Items listed in a dataset:
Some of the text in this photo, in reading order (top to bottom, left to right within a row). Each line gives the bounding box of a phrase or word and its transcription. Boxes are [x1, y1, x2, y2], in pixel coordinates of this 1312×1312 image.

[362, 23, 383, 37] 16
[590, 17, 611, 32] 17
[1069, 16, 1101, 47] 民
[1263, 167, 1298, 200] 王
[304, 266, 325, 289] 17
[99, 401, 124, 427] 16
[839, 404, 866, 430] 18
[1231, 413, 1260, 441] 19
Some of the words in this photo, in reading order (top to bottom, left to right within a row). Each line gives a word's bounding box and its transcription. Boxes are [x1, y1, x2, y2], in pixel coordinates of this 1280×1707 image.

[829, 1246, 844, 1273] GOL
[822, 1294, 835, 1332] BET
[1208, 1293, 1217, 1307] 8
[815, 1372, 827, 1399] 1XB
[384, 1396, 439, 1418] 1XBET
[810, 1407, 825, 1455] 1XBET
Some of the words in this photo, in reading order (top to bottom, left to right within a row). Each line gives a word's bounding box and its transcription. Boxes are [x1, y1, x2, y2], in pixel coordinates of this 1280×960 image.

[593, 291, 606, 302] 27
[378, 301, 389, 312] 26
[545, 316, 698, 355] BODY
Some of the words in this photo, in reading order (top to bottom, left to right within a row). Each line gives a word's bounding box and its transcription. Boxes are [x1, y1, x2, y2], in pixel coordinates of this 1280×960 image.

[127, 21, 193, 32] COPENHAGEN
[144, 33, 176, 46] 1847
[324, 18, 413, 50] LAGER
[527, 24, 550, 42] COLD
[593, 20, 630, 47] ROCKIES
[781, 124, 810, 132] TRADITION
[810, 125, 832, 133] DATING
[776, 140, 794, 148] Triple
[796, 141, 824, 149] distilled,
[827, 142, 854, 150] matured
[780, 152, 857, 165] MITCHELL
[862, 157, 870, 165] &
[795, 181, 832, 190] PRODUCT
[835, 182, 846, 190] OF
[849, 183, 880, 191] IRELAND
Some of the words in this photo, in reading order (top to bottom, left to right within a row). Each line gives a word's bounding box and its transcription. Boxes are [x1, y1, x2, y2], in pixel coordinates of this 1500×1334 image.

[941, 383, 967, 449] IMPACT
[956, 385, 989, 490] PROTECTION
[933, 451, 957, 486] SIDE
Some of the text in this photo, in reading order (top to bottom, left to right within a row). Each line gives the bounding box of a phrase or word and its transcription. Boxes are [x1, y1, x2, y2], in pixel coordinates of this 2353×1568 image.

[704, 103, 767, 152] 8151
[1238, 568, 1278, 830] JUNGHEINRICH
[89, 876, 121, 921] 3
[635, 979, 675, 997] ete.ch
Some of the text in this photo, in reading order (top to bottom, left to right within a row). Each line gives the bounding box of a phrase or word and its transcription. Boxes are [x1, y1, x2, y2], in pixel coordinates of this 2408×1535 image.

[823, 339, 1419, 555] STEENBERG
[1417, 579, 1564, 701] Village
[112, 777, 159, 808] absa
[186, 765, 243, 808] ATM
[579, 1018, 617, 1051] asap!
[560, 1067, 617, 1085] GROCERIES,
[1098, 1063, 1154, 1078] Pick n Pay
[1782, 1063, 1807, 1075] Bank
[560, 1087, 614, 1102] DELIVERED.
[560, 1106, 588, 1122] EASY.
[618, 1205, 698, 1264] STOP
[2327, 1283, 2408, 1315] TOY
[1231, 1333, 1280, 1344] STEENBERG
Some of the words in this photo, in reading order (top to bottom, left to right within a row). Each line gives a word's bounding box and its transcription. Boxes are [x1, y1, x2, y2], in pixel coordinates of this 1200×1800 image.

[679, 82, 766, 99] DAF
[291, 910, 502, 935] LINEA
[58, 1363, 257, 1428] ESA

(Work item): Write out every record again, exactly as it was written.

(Solved problem):
Some of the text in this photo, in reading order (top to bottom, left to right within a row). Each line gives the bounding box of a phrase or word and its transcription. Boxes are [x1, y1, x2, y2], in pixel coordinates of this 1312×1312 image.

[362, 23, 383, 37] 16
[590, 17, 611, 32] 17
[1069, 16, 1101, 47] 民
[1263, 167, 1298, 200] 王
[304, 266, 325, 289] 17
[99, 401, 124, 427] 16
[839, 404, 866, 430] 18
[1231, 413, 1260, 441] 19
Some of the words in this photo, in reading order (top to bottom, left to right within a row). Each line gives a word's bounding box and its transcription. Boxes are [x1, y1, x2, y2], in pixel coordinates of this 1280×1707 image.

[829, 1246, 844, 1273] GOL
[822, 1294, 835, 1332] BET
[1208, 1293, 1217, 1307] 8
[815, 1372, 827, 1399] 1XB
[384, 1396, 439, 1418] 1XBET
[810, 1407, 825, 1455] 1XBET
Some of the words in this photo, in reading order (top to bottom, left to right within a row). Each line gives a word's bounding box and its transcription. Boxes are [x1, y1, x2, y2], in pixel coordinates of this 1280×960 image.

[593, 291, 606, 302] 27
[378, 301, 389, 312] 26
[545, 316, 698, 355] BODY
Some of the words in this photo, in reading order (top to bottom, left to right within a row). Each line gives a word's bounding box and its transcription. Boxes are [x1, y1, x2, y2], in pixel coordinates of this 1280×960 image.

[127, 21, 193, 32] COPENHAGEN
[144, 33, 176, 46] 1847
[324, 18, 413, 50] LAGER
[527, 24, 550, 42] COLD
[593, 20, 630, 47] ROCKIES
[781, 124, 810, 132] TRADITION
[810, 125, 832, 133] DATING
[776, 140, 794, 148] Triple
[796, 141, 824, 149] distilled,
[827, 142, 854, 150] matured
[780, 152, 857, 165] MITCHELL
[862, 157, 870, 165] &
[795, 181, 832, 190] PRODUCT
[835, 182, 846, 190] OF
[849, 183, 880, 191] IRELAND
Some of the words in this photo, in reading order (top to bottom, left to right within a row). Each line gives a word's bounding box and its transcription. Boxes are [x1, y1, x2, y2], in pixel coordinates of this 1500×1334 image.

[941, 383, 967, 449] IMPACT
[956, 385, 989, 490] PROTECTION
[933, 451, 957, 486] SIDE
Some of the text in this photo, in reading order (top to bottom, left to right within a row). Each line gives the bounding box of a phrase or word and its transcription. Boxes are [x1, y1, x2, y2], in pixel coordinates of this 2353×1568 image.

[704, 103, 767, 152] 8151
[1238, 568, 1278, 830] JUNGHEINRICH
[89, 876, 121, 921] 3
[635, 979, 675, 997] ete.ch
Some of the text in this photo, in reading order (top to bottom, left to right within a row). Each line gives the bounding box of a phrase or word and its transcription. Boxes are [x1, y1, x2, y2], in pixel coordinates of this 2408×1535 image.

[823, 339, 1419, 555] STEENBERG
[1417, 579, 1564, 701] Village
[112, 777, 159, 808] absa
[186, 765, 243, 808] ATM
[579, 1018, 617, 1051] asap!
[560, 1067, 617, 1085] GROCERIES,
[1098, 1063, 1154, 1078] Pick n Pay
[1782, 1063, 1807, 1075] Bank
[560, 1087, 614, 1102] DELIVERED.
[560, 1106, 588, 1122] EASY.
[618, 1205, 698, 1264] STOP
[2327, 1283, 2408, 1315] TOY
[1231, 1333, 1280, 1344] STEENBERG
Some of the words in this photo, in reading order (top to bottom, left to right within a row). Each line gives a word's bounding box and its transcription. Boxes are [x1, y1, x2, y2], in pixel coordinates of this 1200×1800 image.

[679, 82, 766, 99] DAF
[291, 910, 502, 935] LINEA
[58, 1363, 257, 1428] ESA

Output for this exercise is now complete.